Workflow Type: Common Workflow Language
Work-in-progress

CWL + RO-Crate Workflow Descriptions

This repository stores computational workflows described using the Common Workflow Language (CWL) and enriched with metadata using Research Object Crate (RO-Crate) conforming to the Workflow Run RO-Crate profile.

Each workflow is contained in its own directory (e.g., WF5201, WF6101, ...). Inside each workflow directory you will typically find at least:

  • The CWL workflow definition (with the same name as the directory, e.g., WF5201.cwl).
  • The RO-Crate metadata file (ro-crate-metadata.json).

Additional files supporting the workflow may also be included.

Overview

This document explains how to represent workflows by combining:

  • CWL (Common Workflow Language): Used to define the computational steps, data flows, and tools.
  • RO-Crate: Used to capture associated metadata (e.g., authorship, licenses, software, datasets) for the workflow.

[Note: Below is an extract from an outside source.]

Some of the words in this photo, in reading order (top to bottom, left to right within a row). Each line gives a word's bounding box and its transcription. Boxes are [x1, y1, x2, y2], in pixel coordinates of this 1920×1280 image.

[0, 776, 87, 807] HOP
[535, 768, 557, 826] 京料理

By separating the abstract workflow definition from its metadata description, you can leverage existing tools for visualization, editing, and validation of your workflows while maintaining a clear structure.

Our Approach

We represent workflows using a combination of CWL and RO-Crate:

  • CWL: Captures the abstract definition of the workflow, detailing its computational steps, data flows, and the tools utilized. It does not include the implementation details of each operation.
  • RO-Crate: Provides rich metadata for the overall repository, the workflow file(s), software, and datasets. This metadata allows you to understand the context, provenance, and related details of the workflow components.

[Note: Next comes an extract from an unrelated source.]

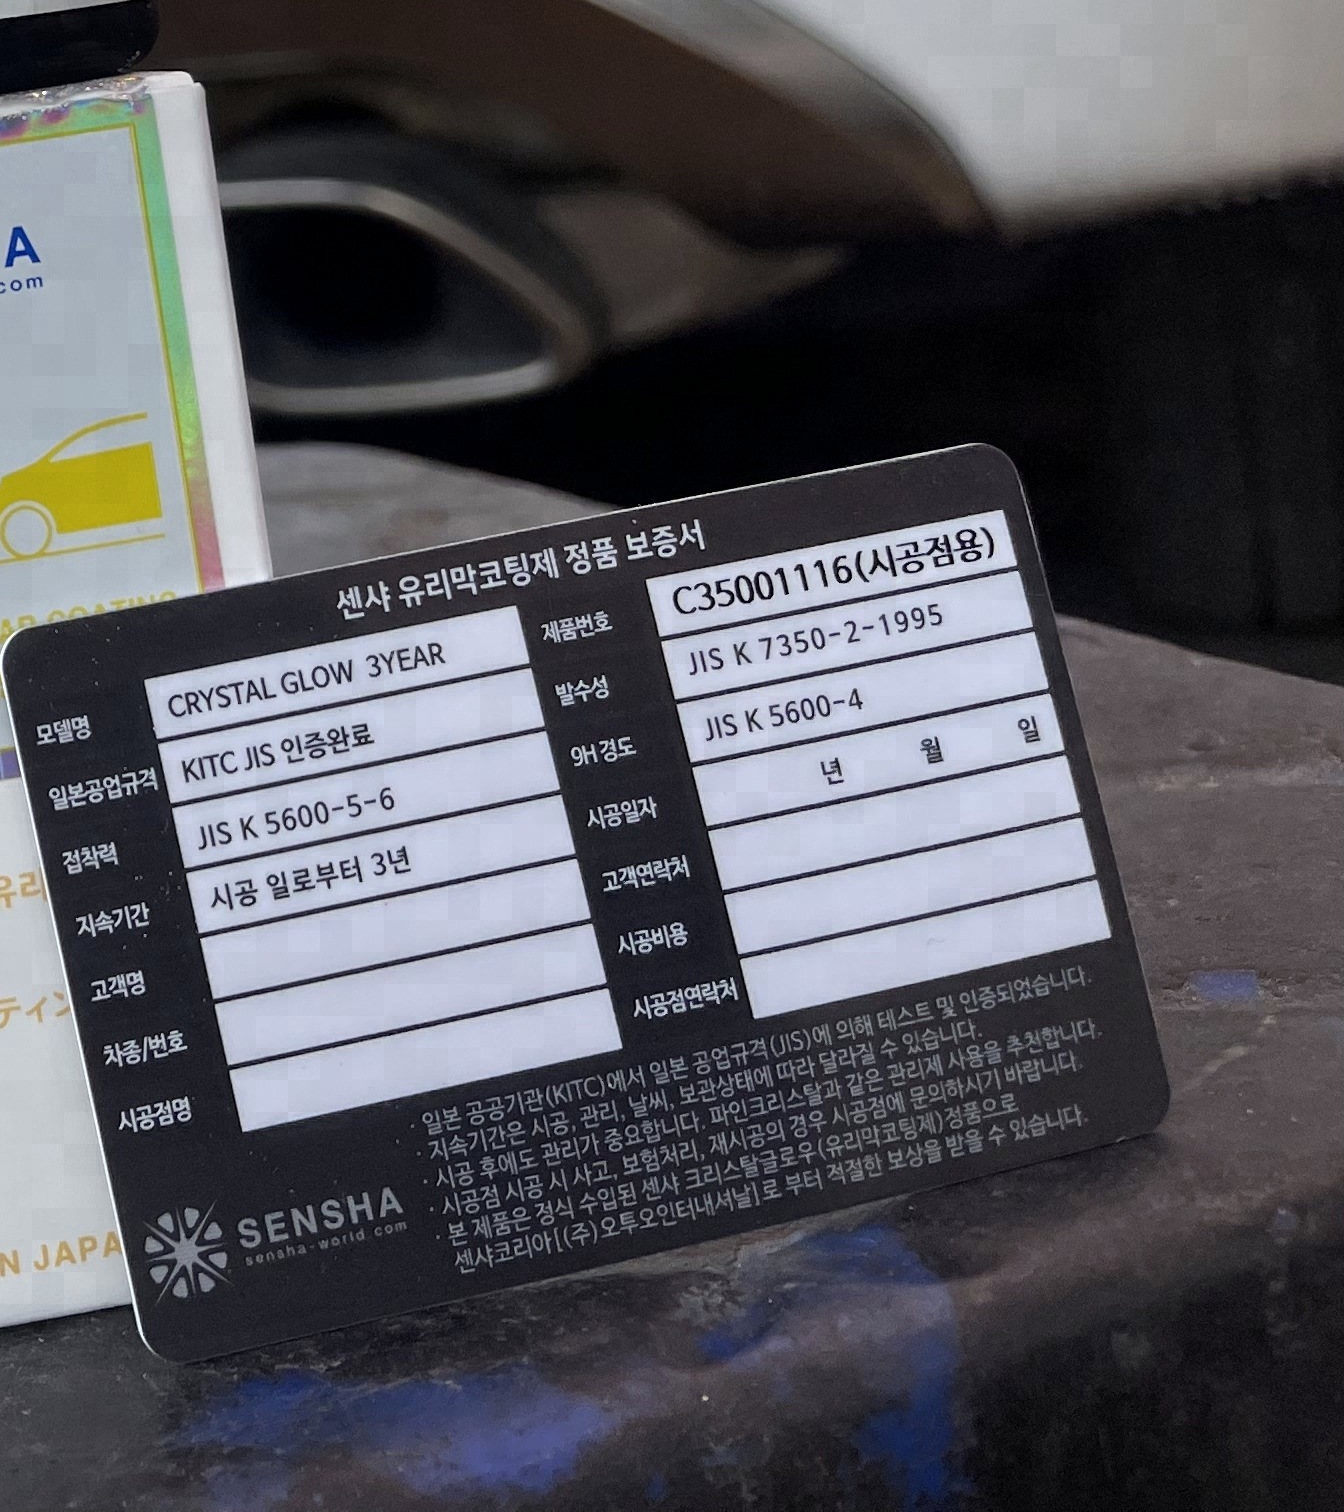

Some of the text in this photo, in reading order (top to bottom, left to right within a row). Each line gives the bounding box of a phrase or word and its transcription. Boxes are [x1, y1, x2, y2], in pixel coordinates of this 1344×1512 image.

This separation provides flexibility by keeping the execution details (CWL) distinct from descriptive metadata (RO-Crate), yet they remain tightly connected.

Describing a Workflow using CWL + RO-Crate

To fully describe a workflow, you must separate the workflow definition (using CWL) from the metadata description (using RO-Crate).

Defining the CWL Workflow

  1. Identify Global Inputs and Outputs:
    Decide on the data that enters the workflow (inputs) and the final results (outputs). Optionally, include intermediate outputs if they are of interest.

  2. Create the CWL File:
    Write a CWL file in YAML format. Start with file metadata such as:

    cwlVersion: v1.2
    class: Workflow
    
    requirements:
      MultipleInputFeatureRequirement: {}
      SubworkflowFeatureRequirement: {}
    

    [NOTE] The requirements section may vary depending on your workflow. For example, if you use sub-workflows, you must include the SubworkflowFeatureRequirement.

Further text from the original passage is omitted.